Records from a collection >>
[Start of Attachment]
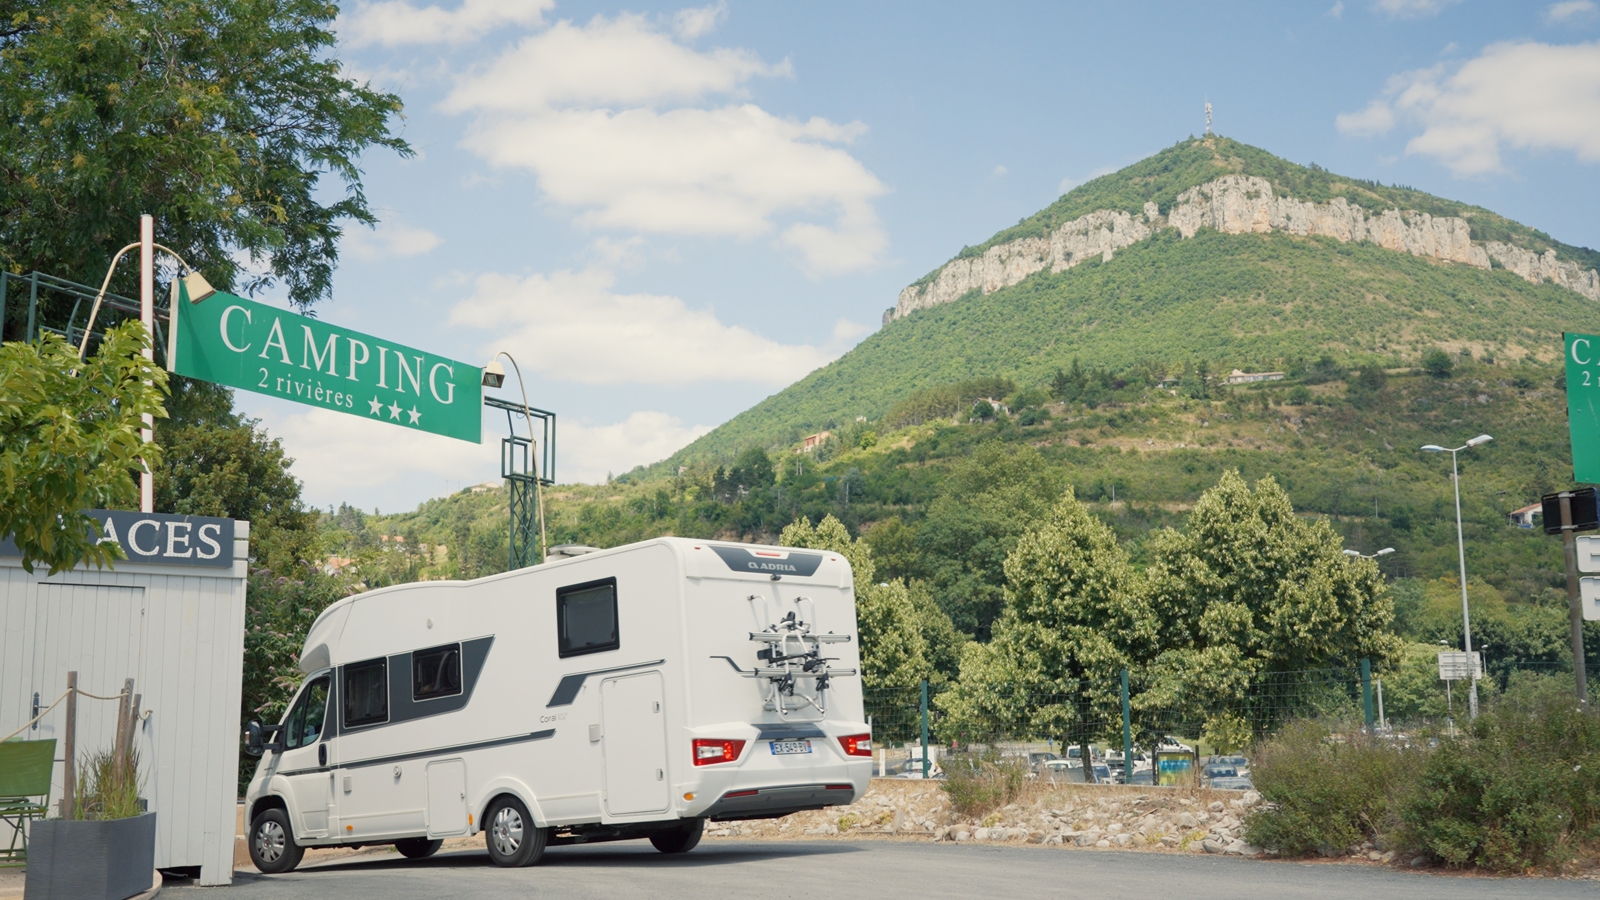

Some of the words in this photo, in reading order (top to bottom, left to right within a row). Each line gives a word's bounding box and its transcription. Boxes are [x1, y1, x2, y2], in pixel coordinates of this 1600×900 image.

[219, 304, 456, 405] CAMPING
[1571, 338, 1600, 366] C
[258, 367, 269, 388] 2
[276, 373, 354, 408] rivières
[1581, 370, 1592, 386] 2
[760, 562, 797, 572] ADRIA
[540, 714, 557, 724] Coral
[End of Attachment]
Your assignment >> Output the records verbatim, every one of them, and keep the pictures out.

Answer section >>
Some of the words in this photo, in reading order (top to bottom, left to right within a row). Each line gives a word's bounding box and its transcription. Boxes are [x1, y1, x2, y2], in pixel coordinates of this 1600×900 image.

[219, 304, 456, 405] CAMPING
[1571, 338, 1600, 366] C
[258, 367, 269, 388] 2
[276, 373, 354, 408] rivières
[1581, 370, 1592, 386] 2
[760, 562, 797, 572] ADRIA
[540, 714, 557, 724] Coral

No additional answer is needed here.